There are several steps that need to take place in any real estate transaction prior to a closing appointment. Only after the following steps are completed will the closing take place:
A purchase agreement needs to be finalized.
A home inspection needs to be approved.
An appraisal of your home needs to be completed.
The mortgage application is completed and approved.
What is closing?
Closing (also called settlement) is the legal transfer of property ownership. Usually, but not always, possession is transferred at closing. Sometimes the seller may ask to close the sale but retain possession, and pay rent to the buyer until vacating the property at a later date.
Who attends closing?
Face-to-face closing are common in most states, although a few states do not require them. Your buyer’s representative can provide details for your situation. The participants usually include:
- You, the buyer
- The seller
- The real estate agents representing the buyer(s) and seller(s)
- Attorneys for the buyer(s) and seller(s)
- The closing agent, the title insurance representative, and the escrow agent. Often one person fulfills all three roles, coordinating and recording the exchange of the documents and money, disbursing funds, and handling various closing details.
Which Party handles Title and Closing Costs?
The responsibility for title and closing costs is negotiated as part of the real estate transaction. The responsibility will vary based on the individual sale. In most cases, the buyers and sellers will split the costs associated with the title and closing costs.
What Do I Need to Bring to the Closing?
Identification will be needed at the closing: A government-issued identification card such as a driver’s license or a passport. In some cases, two different forms of identification are required.
Additional paperwork may be required at the closing, such as proof of homeowners insurance, the results of a home inspection and other legal documents needed for the transaction.
Your spouse should accompany you if you are married. A form of identification from your spouse will be needed.
A cashier’s check should be brought to the closing in the total amount of the down payment and closing costs. Your mortgage lender will provide you the final amount prior to the closing, allowing you to prepare the check from the bank.
Where is closing held?
Closings are usually held at a title company’s office. Their job is to confirm the current legal owner of the property, reveal any mortgages, liens, judgments or unpaid taxes on the property, and identify any restrictions that may affect the sale of the property. Any problems need to be corrected before a buyer can receive "good title."
What do I need to bring? Your buyer’s rep can advise you on what you’ll need to bring to closing, but typically buyers must provide:
- Payment of closing costs
- Proof of insurance
- Approval of inspections of the property
What Can I Expect at the Closing?
Expect the closing to last for about an hour. The length of time the appointment will take may vary based on the complexity of the transaction and the availability of funds. Both parties will be required to sign off on several different documents during the appointment.

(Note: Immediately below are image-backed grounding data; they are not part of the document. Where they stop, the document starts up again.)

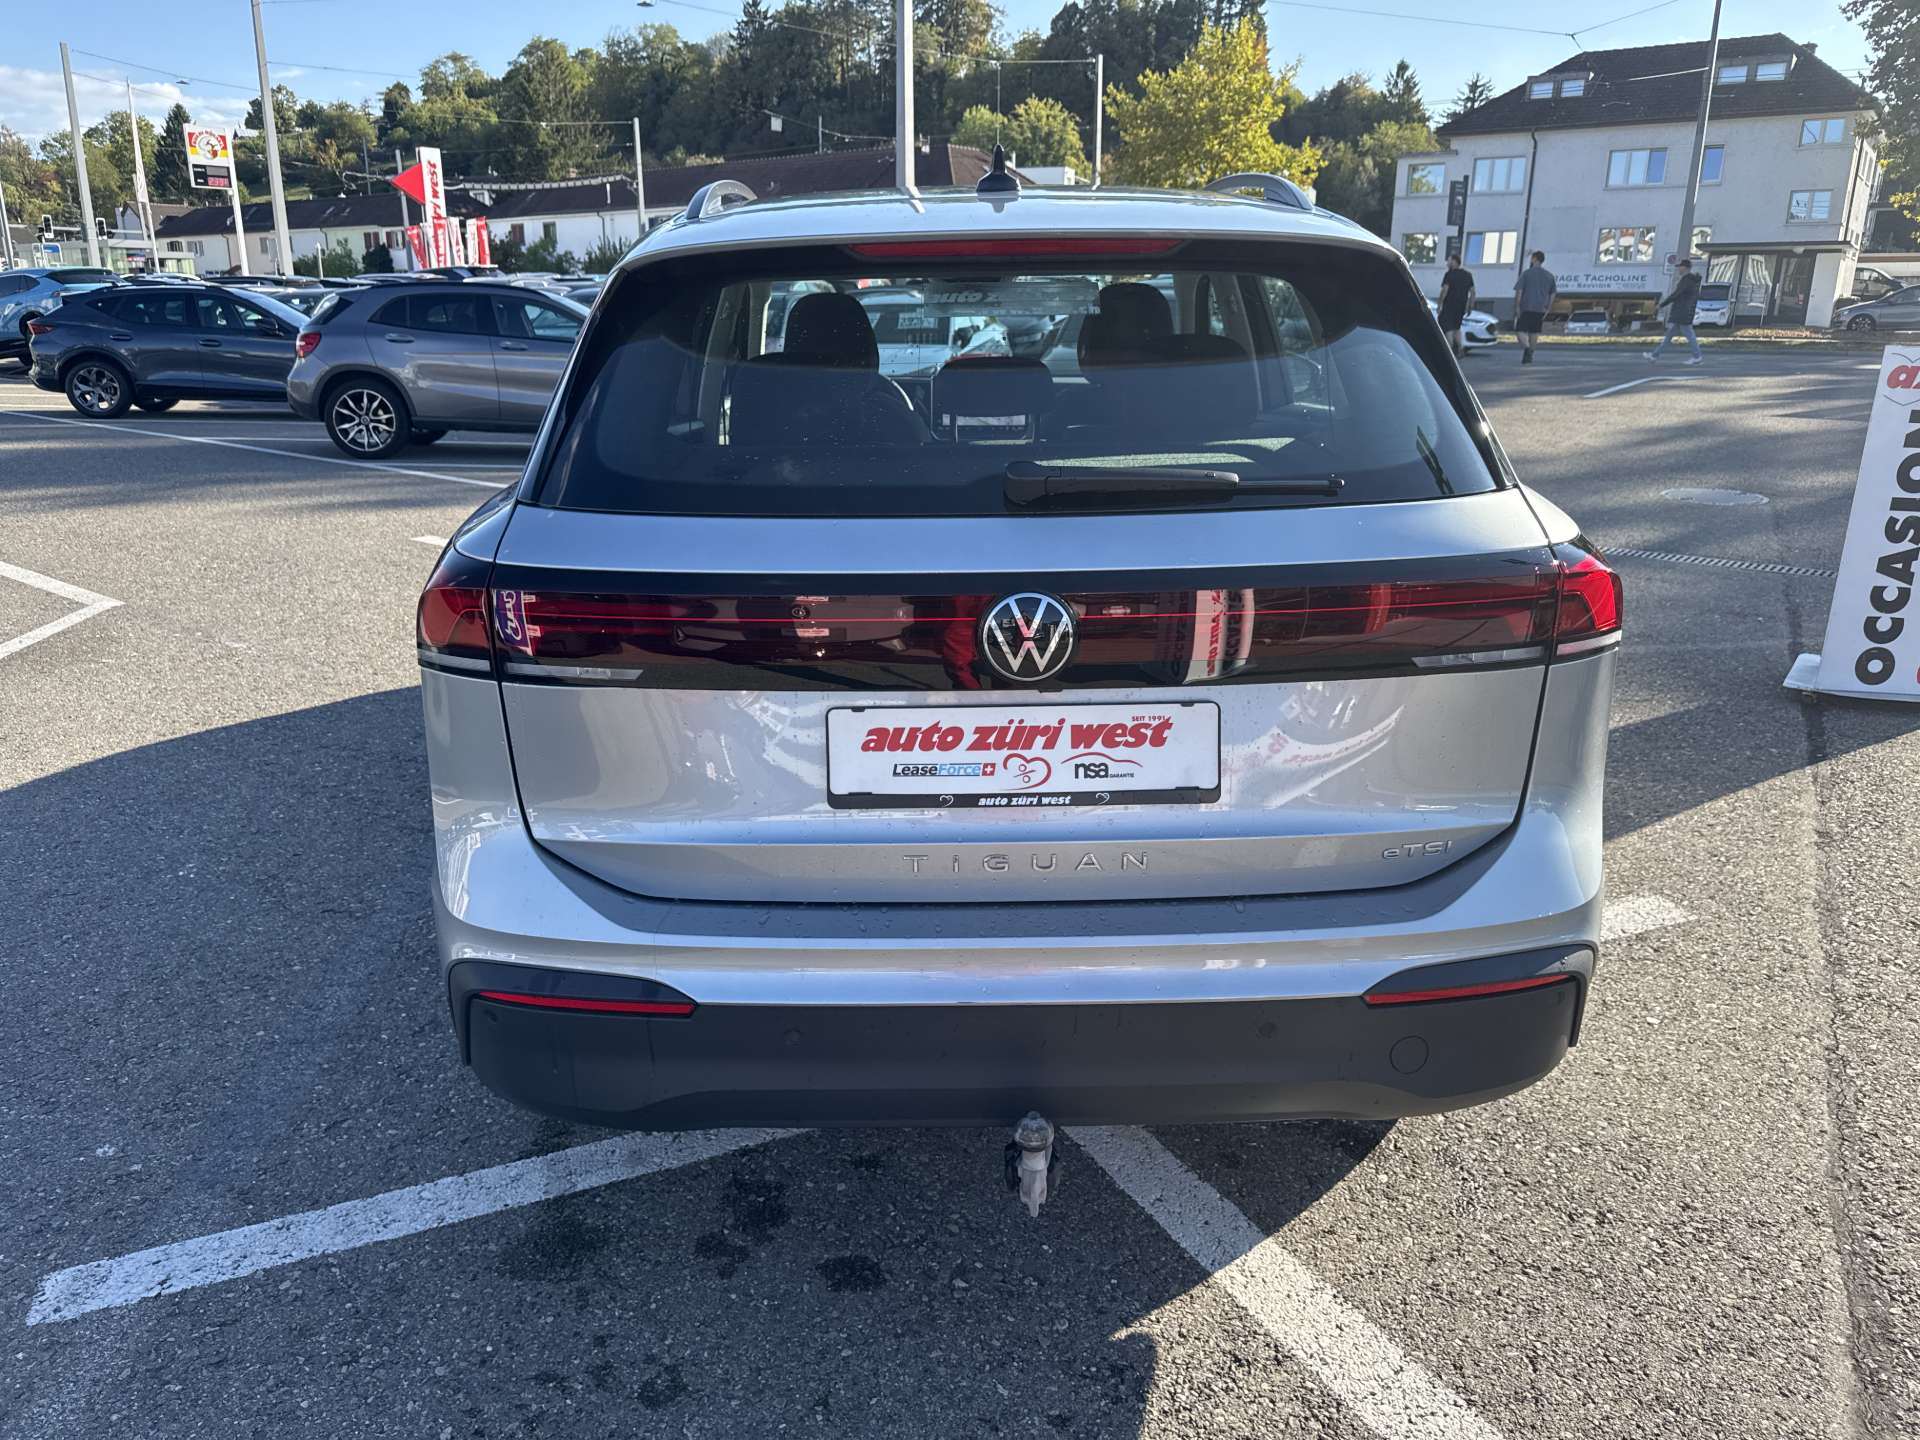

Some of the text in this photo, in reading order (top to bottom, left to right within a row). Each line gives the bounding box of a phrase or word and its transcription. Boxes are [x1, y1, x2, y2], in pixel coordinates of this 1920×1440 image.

[1584, 273, 1648, 282] TACHOLINE
[984, 593, 1073, 680] VW
[1148, 714, 1166, 722] 1991
[861, 716, 1174, 752] auto züri west
[892, 762, 981, 777] LeaseForce
[1074, 762, 1109, 779] nsa
[978, 794, 1072, 806] auto züri west
[1382, 840, 1453, 859] eTSI
[903, 851, 1149, 874] TIGUAN
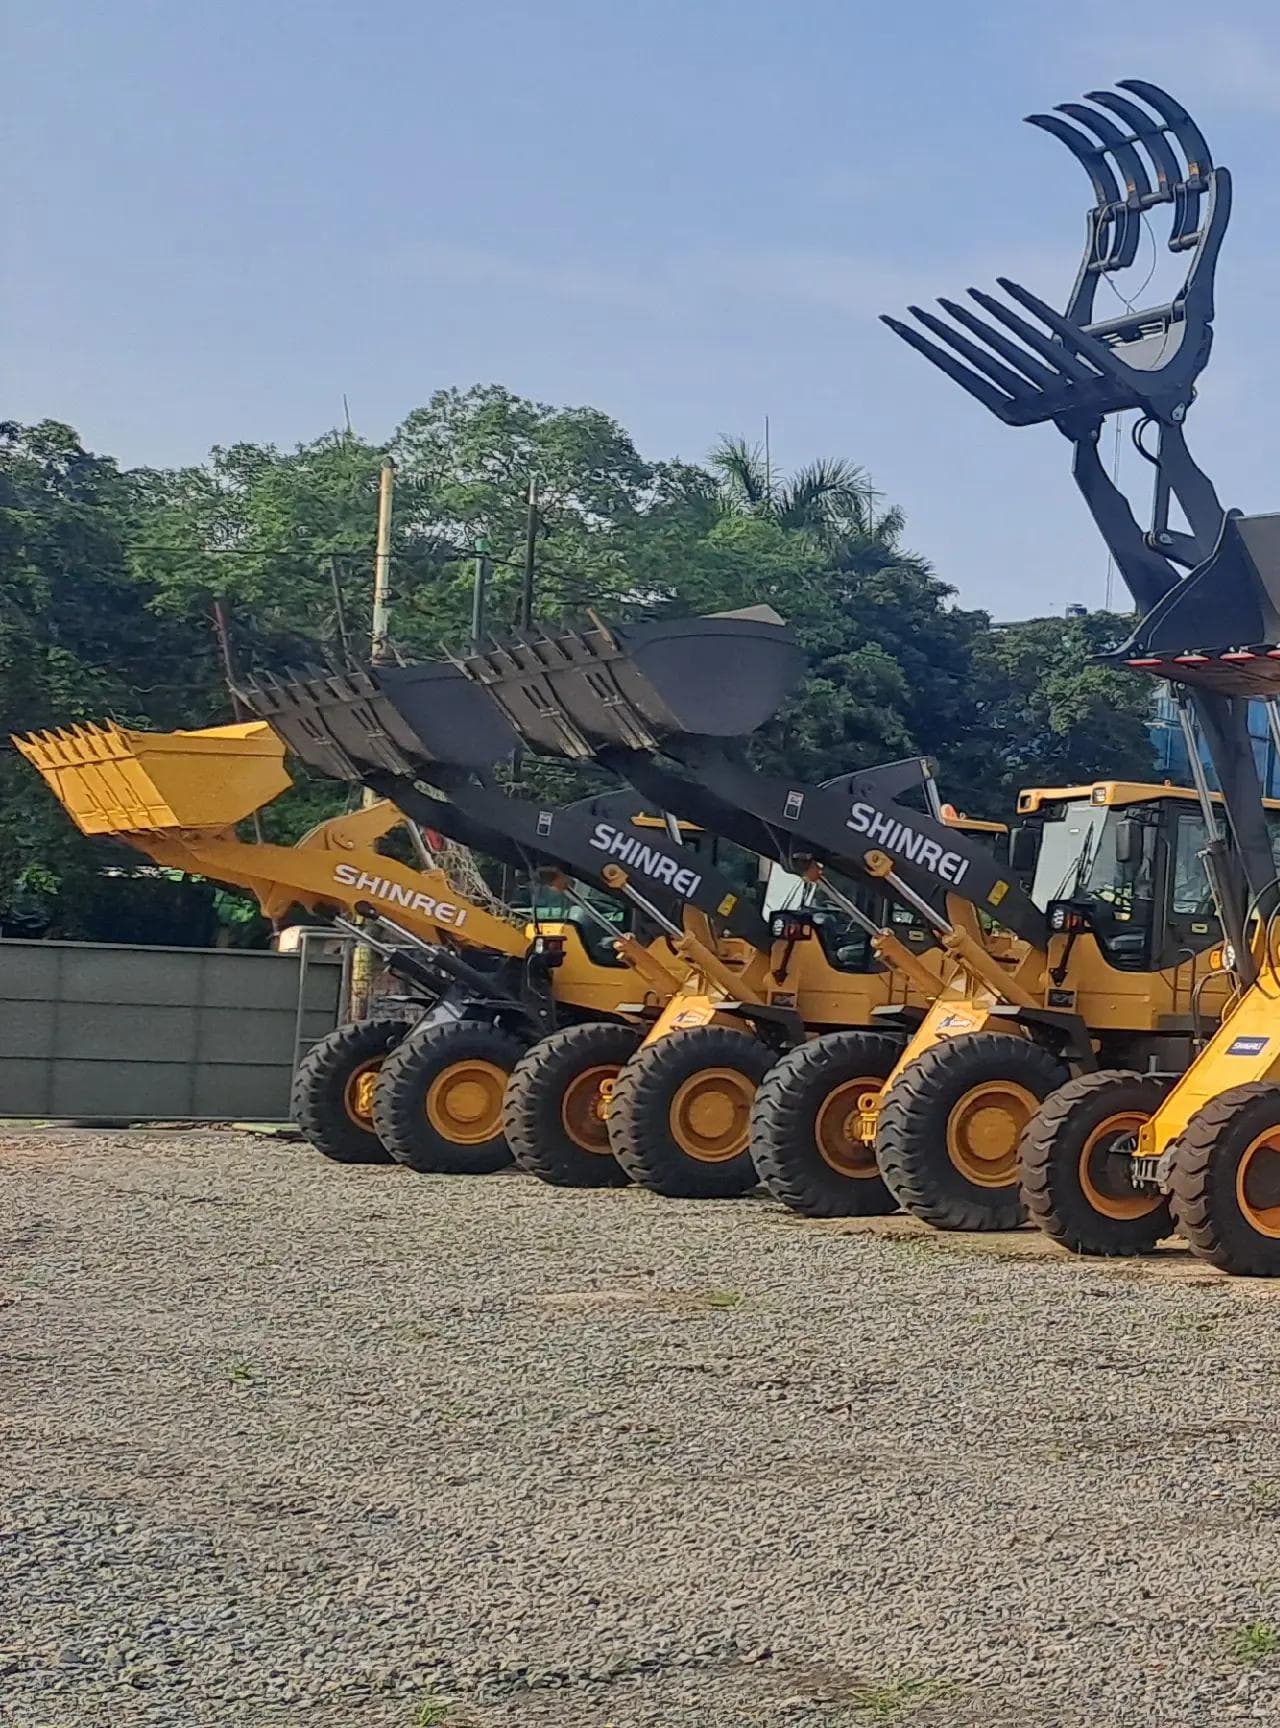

The closing agent will be available to explain the details of all the documents you are signing and answer any questions.
What Documents Are Signed at the Closing?
You will be signing many different documents on the day of your closing, including:
Title Transfer: This document transfers the ownership of the home from the previous owners to you.
Truth-in-Lending Statement: This document details the fine print of your mortgage loan, and your mortgage company by law is required to provide you with it at the closing.
Title Insurance: Title insurance protects you as well as your lender from any issues regarding the title of your home.
Mortgage Loan Documents: These documents will finalize the approval of your loan and will give you the necessary financing to purchase it.